* [Exercise]
No pictures go in the copy; everything else in the records below must be output exactly.

* [Data under study]
○ ○ ○ ○

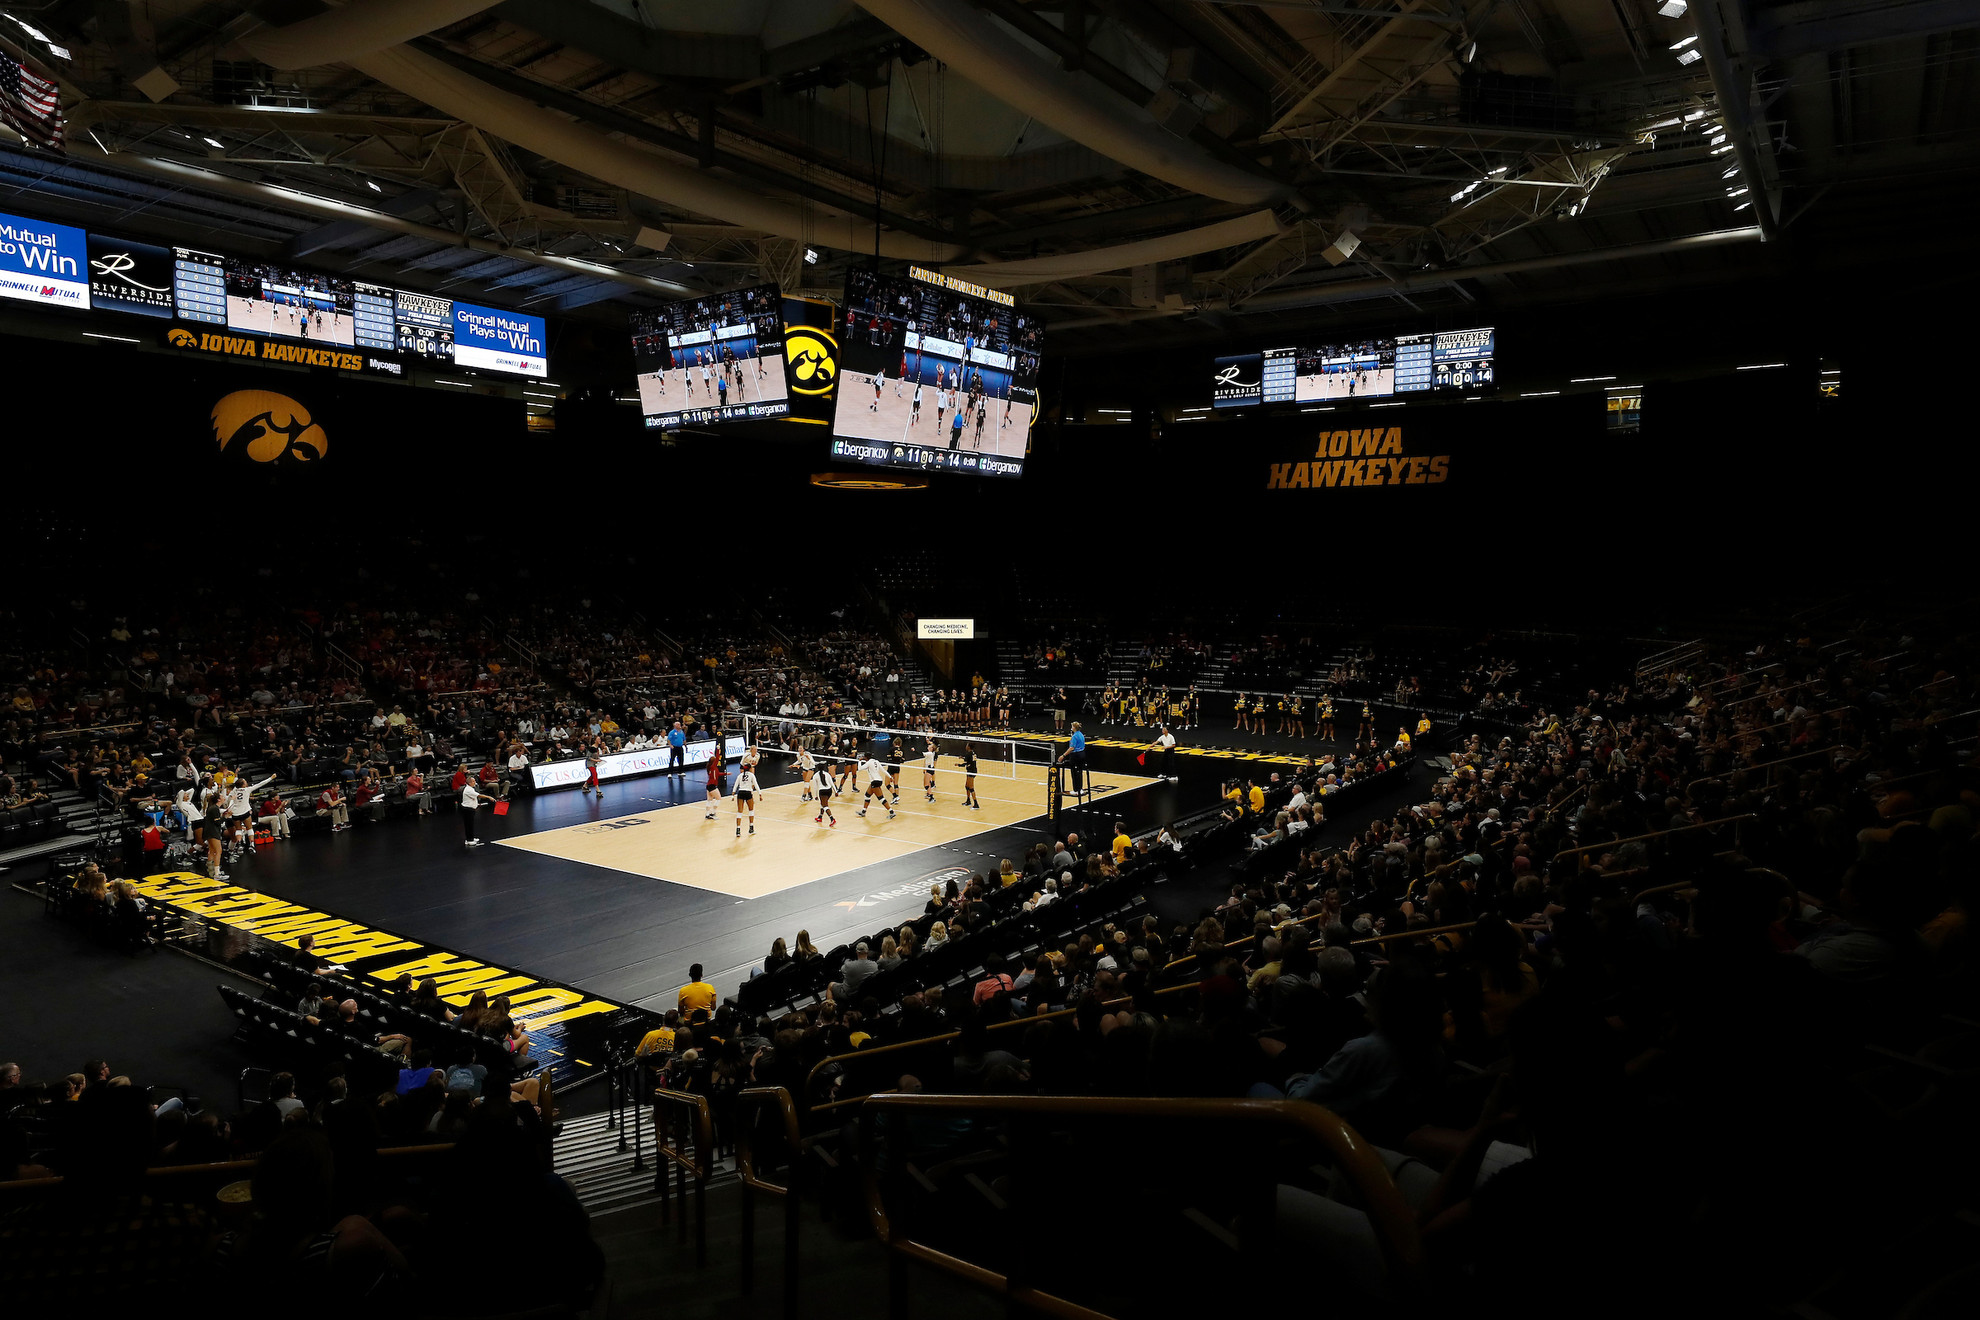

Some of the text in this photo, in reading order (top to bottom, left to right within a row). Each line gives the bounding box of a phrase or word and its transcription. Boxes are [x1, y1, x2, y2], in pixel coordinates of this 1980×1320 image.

[0, 224, 56, 248] Mutual
[18, 243, 78, 276] Win
[40, 286, 80, 299] MUTUAL
[92, 282, 172, 302] RIVERSIDE
[909, 266, 1014, 307] CARVER-HAWKEYE ARENA
[398, 293, 450, 311] HAWKEYES
[398, 304, 449, 318] HOME EVENTS
[457, 310, 496, 327] Grinnell
[497, 318, 529, 333] Mutual
[418, 328, 435, 337] 0:00
[469, 324, 540, 353] Plays to Win
[1436, 330, 1492, 345] HAWKEYES
[200, 333, 363, 371] IOWA HAWKEYES
[400, 337, 412, 348] 11
[428, 342, 433, 352] 0
[440, 343, 452, 354] 14
[369, 358, 401, 372] Mycogen
[1437, 374, 1449, 384] 11
[1464, 374, 1470, 382] 0
[1477, 371, 1490, 381] 14
[1214, 387, 1260, 396] RIVERSIDE
[692, 411, 702, 421] 11
[722, 408, 732, 418] 14
[1315, 427, 1403, 458] IOWA
[907, 448, 920, 463] 11
[948, 454, 959, 467] 14
[963, 457, 976, 467] 0:00
[1267, 455, 1450, 489] HAWKEYES
[870, 869, 968, 900] Mediacom
[124, 872, 424, 964] HAWKEYES
[367, 952, 620, 1032] IOWA
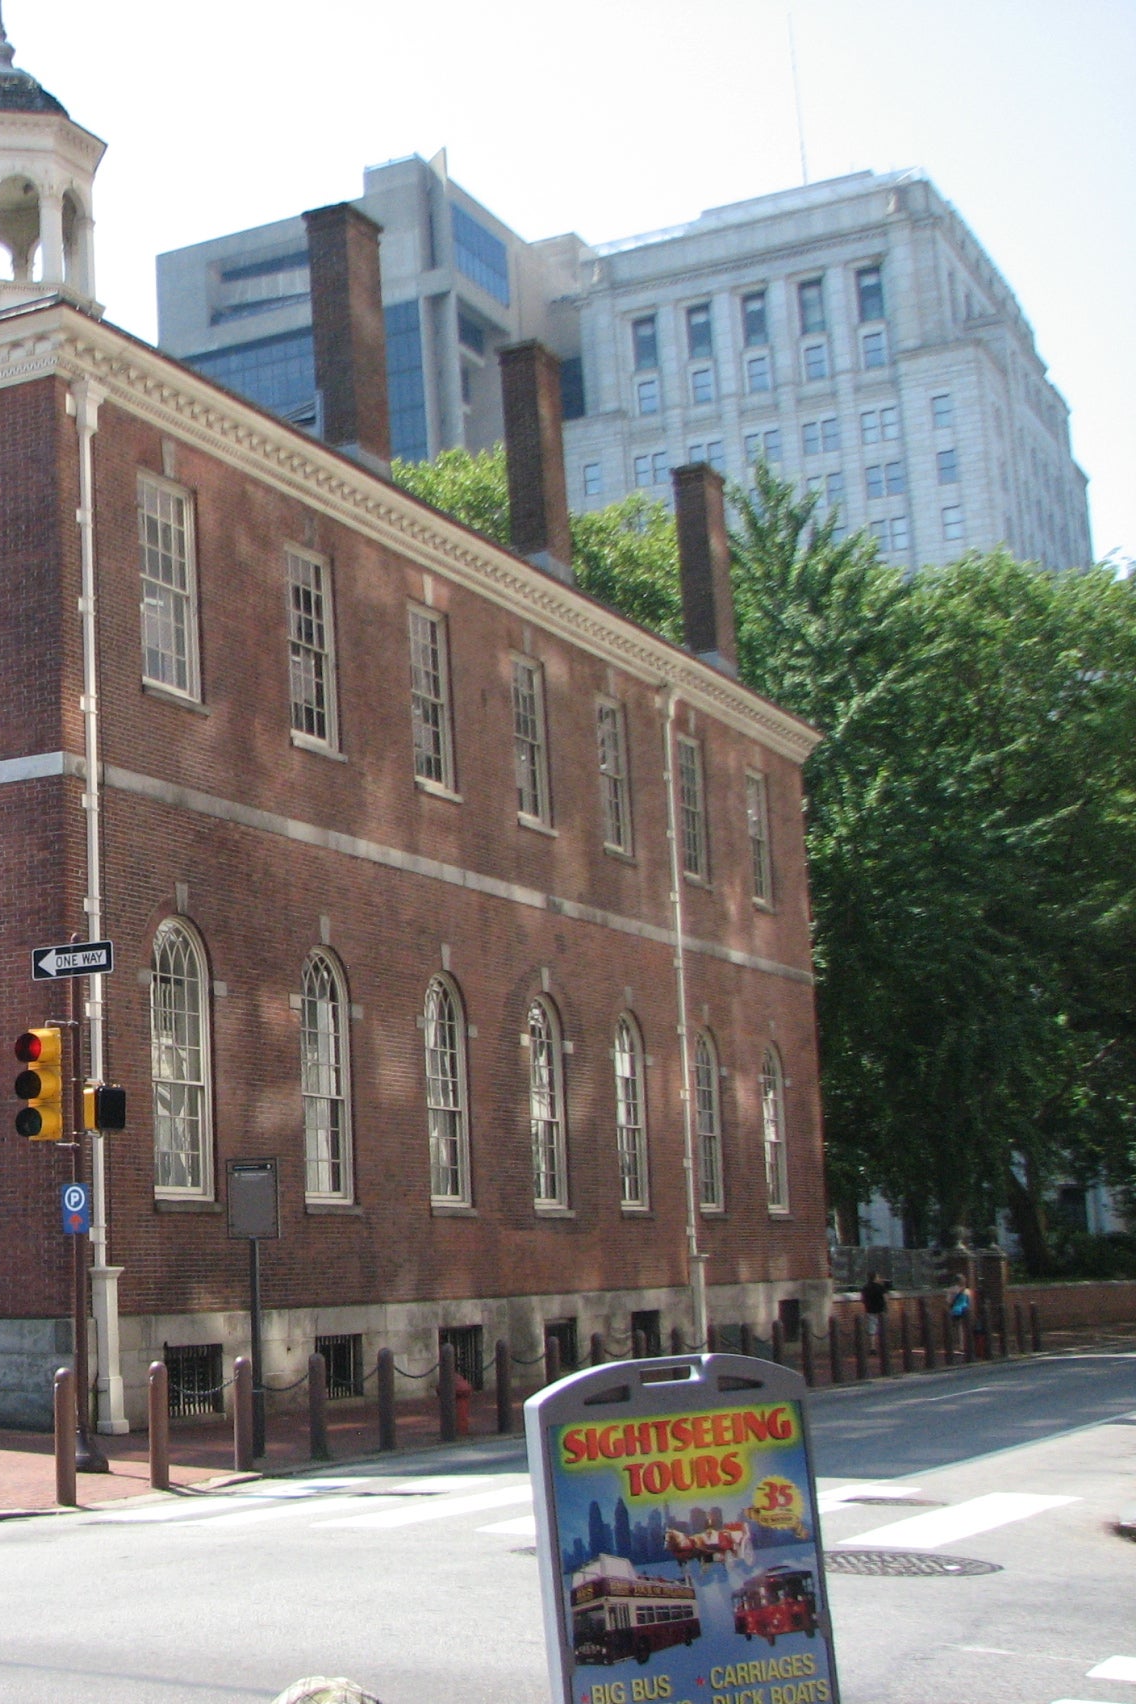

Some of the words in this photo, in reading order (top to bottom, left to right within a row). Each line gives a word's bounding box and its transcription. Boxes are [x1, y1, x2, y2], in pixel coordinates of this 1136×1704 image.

[55, 954, 79, 968] ONE
[82, 951, 103, 965] WAY
[70, 1191, 80, 1206] P
[563, 1407, 794, 1464] SIGHTSEEING
[623, 1452, 744, 1496] TOURS
[761, 1481, 794, 1511] 35
[710, 1652, 816, 1690] CARRIAGES
[591, 1683, 625, 1704] BIG
[631, 1674, 673, 1702] BUS
[770, 1679, 831, 1704] BOATS
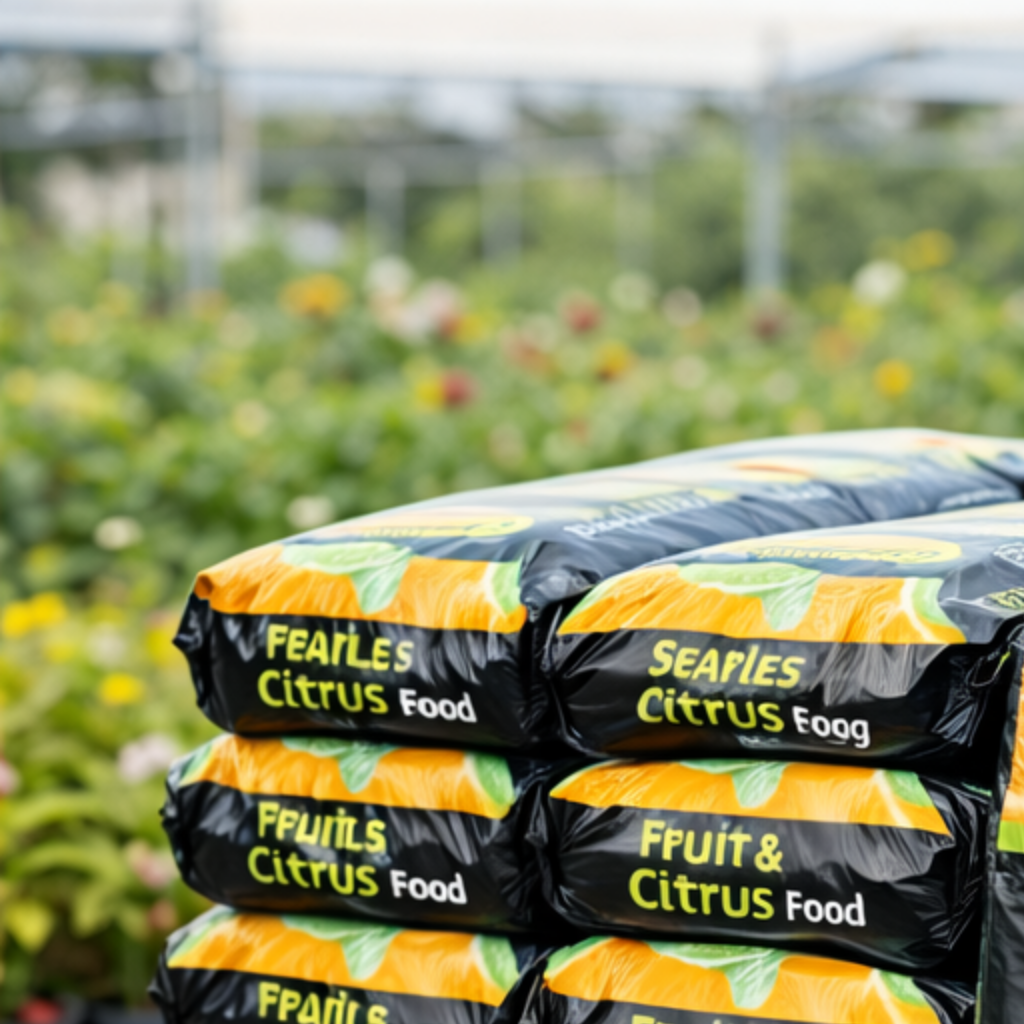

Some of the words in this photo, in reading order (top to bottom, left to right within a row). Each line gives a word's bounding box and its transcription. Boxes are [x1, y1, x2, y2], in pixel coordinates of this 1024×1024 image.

[257, 669, 389, 714] Citrus
[398, 688, 477, 723] Food
[637, 687, 785, 733] Citrus
[247, 845, 380, 898] Citrus
[389, 869, 468, 905] Food
[754, 833, 784, 874] &
[629, 868, 776, 921] Citrus
[785, 889, 867, 927] Food

○ ○ ○ ○

* [Response to this task]
Some of the text in this photo, in reading order (top to bottom, left to right within a row). Each line gives the bounding box of a phrase or word and its transcription. Boxes are [x1, y1, x2, y2], in pixel coordinates of this 1980×1320 image.

[0, 224, 56, 248] Mutual
[18, 243, 78, 276] Win
[40, 286, 80, 299] MUTUAL
[92, 282, 172, 302] RIVERSIDE
[909, 266, 1014, 307] CARVER-HAWKEYE ARENA
[398, 293, 450, 311] HAWKEYES
[398, 304, 449, 318] HOME EVENTS
[457, 310, 496, 327] Grinnell
[497, 318, 529, 333] Mutual
[418, 328, 435, 337] 0:00
[469, 324, 540, 353] Plays to Win
[1436, 330, 1492, 345] HAWKEYES
[200, 333, 363, 371] IOWA HAWKEYES
[400, 337, 412, 348] 11
[428, 342, 433, 352] 0
[440, 343, 452, 354] 14
[369, 358, 401, 372] Mycogen
[1437, 374, 1449, 384] 11
[1464, 374, 1470, 382] 0
[1477, 371, 1490, 381] 14
[1214, 387, 1260, 396] RIVERSIDE
[692, 411, 702, 421] 11
[722, 408, 732, 418] 14
[1315, 427, 1403, 458] IOWA
[907, 448, 920, 463] 11
[948, 454, 959, 467] 14
[963, 457, 976, 467] 0:00
[1267, 455, 1450, 489] HAWKEYES
[870, 869, 968, 900] Mediacom
[124, 872, 424, 964] HAWKEYES
[367, 952, 620, 1032] IOWA

Some of the words in this photo, in reading order (top to bottom, left to right within a row). Each line gives a word's bounding box and its transcription. Boxes are [x1, y1, x2, y2], in pixel coordinates of this 1136×1704 image.

[55, 954, 79, 968] ONE
[82, 951, 103, 965] WAY
[70, 1191, 80, 1206] P
[563, 1407, 794, 1464] SIGHTSEEING
[623, 1452, 744, 1496] TOURS
[761, 1481, 794, 1511] 35
[710, 1652, 816, 1690] CARRIAGES
[591, 1683, 625, 1704] BIG
[631, 1674, 673, 1702] BUS
[770, 1679, 831, 1704] BOATS

Some of the words in this photo, in reading order (top to bottom, left to right within a row). Each line gives a word's bounding box and its transcription. Boxes are [x1, y1, x2, y2], in pixel coordinates of this 1024×1024 image.

[257, 669, 389, 714] Citrus
[398, 688, 477, 723] Food
[637, 687, 785, 733] Citrus
[247, 845, 380, 898] Citrus
[389, 869, 468, 905] Food
[754, 833, 784, 874] &
[629, 868, 776, 921] Citrus
[785, 889, 867, 927] Food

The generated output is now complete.